- Spouse: Bridget Bermingham
- Issue Detail: Mary, Bridget, & Frances
- Father: Henry Talbot of Templeogue
- Mother: Margaret Talbot

= James Talbot (Jacobite) =

Irish Jacobite soldier (died 1641)

James Talbot of Templeogue was an Irish Jacobite who served James II in the Irish Army during the War of the Two Kings (1689–91) and was killed at the Battle of Aughrim.

== Birth and origins ==
James was the eldest son of Sir Henry Talbot and his wife Margaret Talbot. His father owned land around Templeogue, County Dublin.

His mother was the third daughter of Sir William Talbot, 1st Baronet of Carton, County Kildare, and his wife Alison Netterville.

He was the brother of William Talbot, also a Jacobite commander.

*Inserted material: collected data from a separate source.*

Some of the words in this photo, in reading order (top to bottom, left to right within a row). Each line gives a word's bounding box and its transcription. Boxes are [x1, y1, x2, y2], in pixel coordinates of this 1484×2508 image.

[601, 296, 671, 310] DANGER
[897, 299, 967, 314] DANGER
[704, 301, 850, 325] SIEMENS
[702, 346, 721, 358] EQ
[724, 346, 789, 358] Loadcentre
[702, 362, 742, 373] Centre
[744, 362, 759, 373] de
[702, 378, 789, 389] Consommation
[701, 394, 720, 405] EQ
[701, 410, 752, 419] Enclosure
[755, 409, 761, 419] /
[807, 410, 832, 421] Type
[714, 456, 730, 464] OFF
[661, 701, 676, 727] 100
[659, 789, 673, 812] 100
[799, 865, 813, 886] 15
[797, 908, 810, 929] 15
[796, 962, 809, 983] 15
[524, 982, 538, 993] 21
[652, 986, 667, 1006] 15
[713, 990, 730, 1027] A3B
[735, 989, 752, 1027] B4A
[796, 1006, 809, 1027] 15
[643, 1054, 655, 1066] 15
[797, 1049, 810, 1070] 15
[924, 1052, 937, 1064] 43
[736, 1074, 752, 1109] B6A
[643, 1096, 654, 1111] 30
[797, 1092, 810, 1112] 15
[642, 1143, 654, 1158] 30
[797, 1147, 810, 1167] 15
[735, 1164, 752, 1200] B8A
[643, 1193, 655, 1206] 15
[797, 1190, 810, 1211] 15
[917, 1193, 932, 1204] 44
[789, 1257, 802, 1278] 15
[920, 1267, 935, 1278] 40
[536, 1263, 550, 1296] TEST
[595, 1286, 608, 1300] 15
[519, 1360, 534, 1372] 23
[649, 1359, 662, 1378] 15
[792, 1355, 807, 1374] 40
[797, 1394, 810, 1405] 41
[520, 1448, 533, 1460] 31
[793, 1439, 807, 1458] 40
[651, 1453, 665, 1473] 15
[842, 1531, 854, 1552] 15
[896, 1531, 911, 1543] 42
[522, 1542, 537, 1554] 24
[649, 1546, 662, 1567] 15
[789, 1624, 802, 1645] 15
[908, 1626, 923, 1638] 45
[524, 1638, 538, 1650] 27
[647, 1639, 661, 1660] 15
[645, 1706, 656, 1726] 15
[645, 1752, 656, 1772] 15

Due to the influence of his uncle Richard Talbot, 1st Earl of Tyrconnell, James II's viceroy in Ireland, James Talbot was given the command of a regiment in the Irish Army with the rank of colonel, although some sources refer to him as a Brigadier.

== Marriage and children ==
He married Bridget, daughter of Francis de Bermingham, 12th Baron Athenry.

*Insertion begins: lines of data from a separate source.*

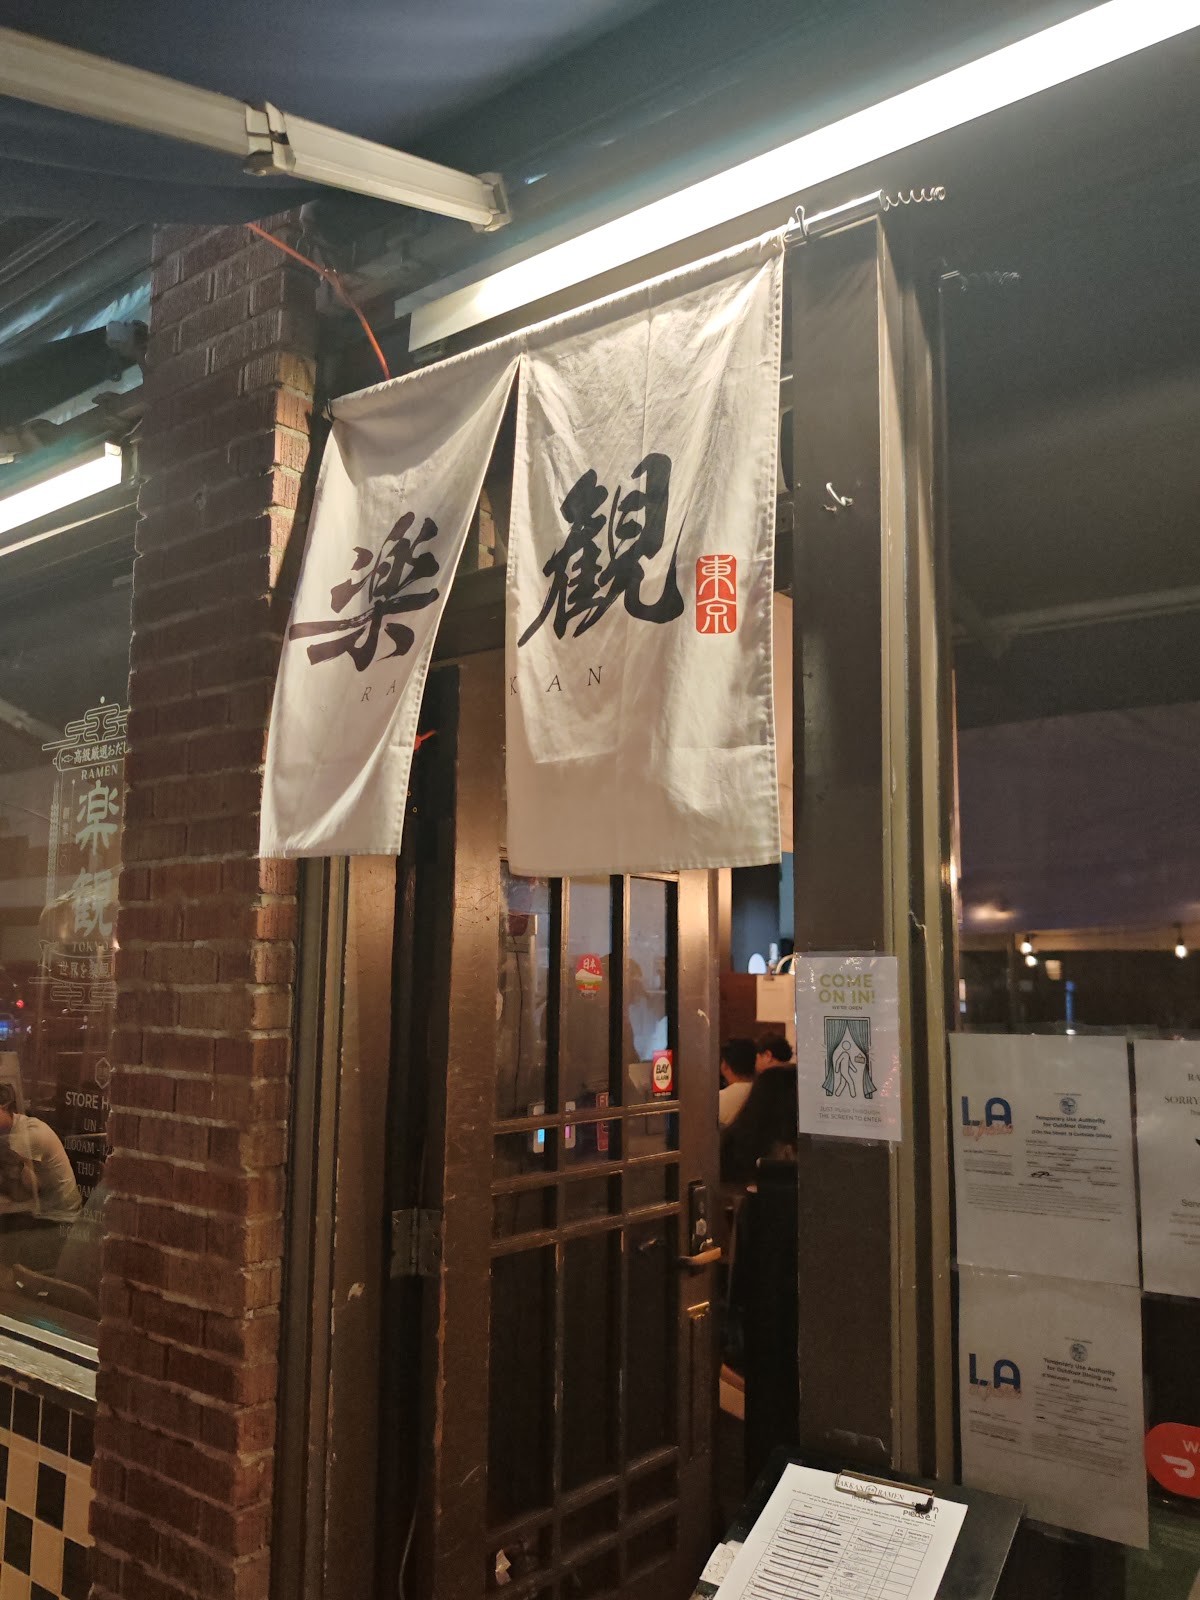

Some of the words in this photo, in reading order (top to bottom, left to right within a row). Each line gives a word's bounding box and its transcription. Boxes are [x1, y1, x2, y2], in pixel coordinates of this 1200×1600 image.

[697, 555, 737, 634] 東京
[81, 763, 119, 780] RAMEN
[819, 973, 873, 988] COME
[818, 989, 845, 1003] ON
[851, 989, 876, 1005] IN!
[656, 1063, 670, 1074] BAY
[65, 1091, 99, 1110] STORE
[831, 1113, 854, 1121] SCREEN
[961, 1095, 1012, 1127] LA
[76, 1161, 95, 1177] THU
[968, 1352, 1021, 1394] LA
[1087, 1366, 1116, 1377] Authority
[1182, 1439, 1200, 1454] W
[877, 1488, 905, 1502] RAMEN

James and Bridget had three daughters:
1. Mary, married in 1684 John Burke, 9th Earl of Clanricarde
2. Bridget, married Valentine Browne of Mayo
3. Frances, married Robert O'Carroll, son of Anthony "Fada" O'Carroll of Emmel Castle, Co. Offaly

== Death ==
Talbot was killed at the Battle of Aughrim, a major defeat for the Jacobites that cost them many experienced and senior officers. His death in battle meant that his estate was not covered under the terms of the Treaty of Limerick that ended the war, and was liable to forfeiture. His manor in Templeogue was granted to Sir Thomas Domvile.